◆ **Work task**: An exact copy of all entries is the expected answer.

◆ **Records to use**:
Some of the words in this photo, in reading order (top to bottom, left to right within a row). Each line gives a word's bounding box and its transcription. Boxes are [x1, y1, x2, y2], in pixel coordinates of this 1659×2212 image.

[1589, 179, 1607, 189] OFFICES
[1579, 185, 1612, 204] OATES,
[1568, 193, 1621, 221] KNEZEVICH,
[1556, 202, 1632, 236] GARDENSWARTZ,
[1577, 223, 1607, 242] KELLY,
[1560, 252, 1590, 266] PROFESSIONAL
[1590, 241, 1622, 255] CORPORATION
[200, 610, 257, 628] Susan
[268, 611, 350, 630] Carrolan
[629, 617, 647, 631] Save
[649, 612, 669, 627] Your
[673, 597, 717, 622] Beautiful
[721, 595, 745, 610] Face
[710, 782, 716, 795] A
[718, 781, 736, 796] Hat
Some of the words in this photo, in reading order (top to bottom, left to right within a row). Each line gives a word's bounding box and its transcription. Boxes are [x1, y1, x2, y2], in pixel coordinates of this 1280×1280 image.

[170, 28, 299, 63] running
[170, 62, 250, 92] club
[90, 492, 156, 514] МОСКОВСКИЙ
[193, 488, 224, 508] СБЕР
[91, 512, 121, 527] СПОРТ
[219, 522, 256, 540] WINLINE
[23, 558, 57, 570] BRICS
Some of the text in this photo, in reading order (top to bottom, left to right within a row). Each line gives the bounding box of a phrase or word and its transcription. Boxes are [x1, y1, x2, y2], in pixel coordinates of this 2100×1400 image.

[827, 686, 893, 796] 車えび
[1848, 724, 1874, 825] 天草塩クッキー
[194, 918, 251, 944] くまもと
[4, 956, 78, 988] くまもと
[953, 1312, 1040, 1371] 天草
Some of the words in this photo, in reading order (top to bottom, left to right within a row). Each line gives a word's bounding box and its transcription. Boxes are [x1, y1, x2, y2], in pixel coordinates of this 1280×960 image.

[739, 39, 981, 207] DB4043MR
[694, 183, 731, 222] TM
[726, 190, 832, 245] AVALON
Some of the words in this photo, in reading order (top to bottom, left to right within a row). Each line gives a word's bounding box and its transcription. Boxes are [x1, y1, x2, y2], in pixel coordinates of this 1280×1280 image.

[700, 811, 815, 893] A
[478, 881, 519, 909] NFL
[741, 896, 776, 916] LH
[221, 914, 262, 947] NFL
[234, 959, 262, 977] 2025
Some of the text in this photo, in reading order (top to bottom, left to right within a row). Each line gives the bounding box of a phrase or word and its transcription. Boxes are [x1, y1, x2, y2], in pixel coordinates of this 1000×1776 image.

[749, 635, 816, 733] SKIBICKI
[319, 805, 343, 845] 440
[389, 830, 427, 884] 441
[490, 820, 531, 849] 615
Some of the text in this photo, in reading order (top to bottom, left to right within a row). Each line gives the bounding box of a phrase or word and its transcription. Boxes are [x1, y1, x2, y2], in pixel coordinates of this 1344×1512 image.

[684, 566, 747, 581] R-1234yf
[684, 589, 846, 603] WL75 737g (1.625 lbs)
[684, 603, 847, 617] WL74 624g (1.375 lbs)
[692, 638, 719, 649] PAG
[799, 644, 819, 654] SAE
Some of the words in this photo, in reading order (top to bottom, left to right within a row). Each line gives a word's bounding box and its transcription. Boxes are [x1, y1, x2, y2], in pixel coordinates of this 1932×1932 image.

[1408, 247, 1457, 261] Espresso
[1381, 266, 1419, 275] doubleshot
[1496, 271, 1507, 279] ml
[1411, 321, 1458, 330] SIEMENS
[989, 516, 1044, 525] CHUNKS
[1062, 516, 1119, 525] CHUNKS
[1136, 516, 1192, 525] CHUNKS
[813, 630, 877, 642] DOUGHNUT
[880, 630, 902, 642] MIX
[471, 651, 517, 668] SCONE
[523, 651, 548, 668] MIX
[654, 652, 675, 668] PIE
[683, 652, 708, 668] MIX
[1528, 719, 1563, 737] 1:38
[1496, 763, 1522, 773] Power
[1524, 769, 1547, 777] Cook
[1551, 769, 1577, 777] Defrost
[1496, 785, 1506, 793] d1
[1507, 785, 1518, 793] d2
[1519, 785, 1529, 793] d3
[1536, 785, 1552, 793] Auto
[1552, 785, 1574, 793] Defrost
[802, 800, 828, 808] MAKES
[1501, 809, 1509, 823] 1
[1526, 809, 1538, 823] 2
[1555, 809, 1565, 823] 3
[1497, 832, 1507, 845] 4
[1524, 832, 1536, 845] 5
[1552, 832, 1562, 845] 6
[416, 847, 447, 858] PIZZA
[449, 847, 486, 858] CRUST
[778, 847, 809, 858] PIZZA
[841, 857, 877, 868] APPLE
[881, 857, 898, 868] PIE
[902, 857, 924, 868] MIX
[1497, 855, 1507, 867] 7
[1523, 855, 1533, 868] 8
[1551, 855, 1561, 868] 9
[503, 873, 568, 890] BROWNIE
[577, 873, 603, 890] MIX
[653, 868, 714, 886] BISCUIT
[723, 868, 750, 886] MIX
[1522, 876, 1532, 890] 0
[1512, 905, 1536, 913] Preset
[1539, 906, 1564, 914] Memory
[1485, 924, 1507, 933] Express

◆ **Solution to the exercise**:
Some of the words in this photo, in reading order (top to bottom, left to right within a row). Each line gives a word's bounding box and its transcription. Boxes are [x1, y1, x2, y2], in pixel coordinates of this 1659×2212 image.

[1589, 179, 1607, 189] OFFICES
[1579, 185, 1612, 204] OATES,
[1568, 193, 1621, 221] KNEZEVICH,
[1556, 202, 1632, 236] GARDENSWARTZ,
[1577, 223, 1607, 242] KELLY,
[1560, 252, 1590, 266] PROFESSIONAL
[1590, 241, 1622, 255] CORPORATION
[200, 610, 257, 628] Susan
[268, 611, 350, 630] Carrolan
[629, 617, 647, 631] Save
[649, 612, 669, 627] Your
[673, 597, 717, 622] Beautiful
[721, 595, 745, 610] Face
[710, 782, 716, 795] A
[718, 781, 736, 796] Hat
Some of the words in this photo, in reading order (top to bottom, left to right within a row). Each line gives a word's bounding box and its transcription. Boxes are [x1, y1, x2, y2], in pixel coordinates of this 1280×1280 image.

[170, 28, 299, 63] running
[170, 62, 250, 92] club
[90, 492, 156, 514] МОСКОВСКИЙ
[193, 488, 224, 508] СБЕР
[91, 512, 121, 527] СПОРТ
[219, 522, 256, 540] WINLINE
[23, 558, 57, 570] BRICS
Some of the text in this photo, in reading order (top to bottom, left to right within a row). Each line gives the bounding box of a phrase or word and its transcription. Boxes are [x1, y1, x2, y2], in pixel coordinates of this 2100×1400 image.

[827, 686, 893, 796] 車えび
[1848, 724, 1874, 825] 天草塩クッキー
[194, 918, 251, 944] くまもと
[4, 956, 78, 988] くまもと
[953, 1312, 1040, 1371] 天草
Some of the words in this photo, in reading order (top to bottom, left to right within a row). Each line gives a word's bounding box and its transcription. Boxes are [x1, y1, x2, y2], in pixel coordinates of this 1280×960 image.

[739, 39, 981, 207] DB4043MR
[694, 183, 731, 222] TM
[726, 190, 832, 245] AVALON
Some of the words in this photo, in reading order (top to bottom, left to right within a row). Each line gives a word's bounding box and its transcription. Boxes are [x1, y1, x2, y2], in pixel coordinates of this 1280×1280 image.

[700, 811, 815, 893] A
[478, 881, 519, 909] NFL
[741, 896, 776, 916] LH
[221, 914, 262, 947] NFL
[234, 959, 262, 977] 2025
Some of the text in this photo, in reading order (top to bottom, left to right within a row). Each line gives the bounding box of a phrase or word and its transcription. Boxes are [x1, y1, x2, y2], in pixel coordinates of this 1000×1776 image.

[749, 635, 816, 733] SKIBICKI
[319, 805, 343, 845] 440
[389, 830, 427, 884] 441
[490, 820, 531, 849] 615
Some of the text in this photo, in reading order (top to bottom, left to right within a row). Each line gives the bounding box of a phrase or word and its transcription. Boxes are [x1, y1, x2, y2], in pixel coordinates of this 1344×1512 image.

[684, 566, 747, 581] R-1234yf
[684, 589, 846, 603] WL75 737g (1.625 lbs)
[684, 603, 847, 617] WL74 624g (1.375 lbs)
[692, 638, 719, 649] PAG
[799, 644, 819, 654] SAE
Some of the words in this photo, in reading order (top to bottom, left to right within a row). Each line gives a word's bounding box and its transcription. Boxes are [x1, y1, x2, y2], in pixel coordinates of this 1932×1932 image.

[1408, 247, 1457, 261] Espresso
[1381, 266, 1419, 275] doubleshot
[1496, 271, 1507, 279] ml
[1411, 321, 1458, 330] SIEMENS
[989, 516, 1044, 525] CHUNKS
[1062, 516, 1119, 525] CHUNKS
[1136, 516, 1192, 525] CHUNKS
[813, 630, 877, 642] DOUGHNUT
[880, 630, 902, 642] MIX
[471, 651, 517, 668] SCONE
[523, 651, 548, 668] MIX
[654, 652, 675, 668] PIE
[683, 652, 708, 668] MIX
[1528, 719, 1563, 737] 1:38
[1496, 763, 1522, 773] Power
[1524, 769, 1547, 777] Cook
[1551, 769, 1577, 777] Defrost
[1496, 785, 1506, 793] d1
[1507, 785, 1518, 793] d2
[1519, 785, 1529, 793] d3
[1536, 785, 1552, 793] Auto
[1552, 785, 1574, 793] Defrost
[802, 800, 828, 808] MAKES
[1501, 809, 1509, 823] 1
[1526, 809, 1538, 823] 2
[1555, 809, 1565, 823] 3
[1497, 832, 1507, 845] 4
[1524, 832, 1536, 845] 5
[1552, 832, 1562, 845] 6
[416, 847, 447, 858] PIZZA
[449, 847, 486, 858] CRUST
[778, 847, 809, 858] PIZZA
[841, 857, 877, 868] APPLE
[881, 857, 898, 868] PIE
[902, 857, 924, 868] MIX
[1497, 855, 1507, 867] 7
[1523, 855, 1533, 868] 8
[1551, 855, 1561, 868] 9
[503, 873, 568, 890] BROWNIE
[577, 873, 603, 890] MIX
[653, 868, 714, 886] BISCUIT
[723, 868, 750, 886] MIX
[1522, 876, 1532, 890] 0
[1512, 905, 1536, 913] Preset
[1539, 906, 1564, 914] Memory
[1485, 924, 1507, 933] Express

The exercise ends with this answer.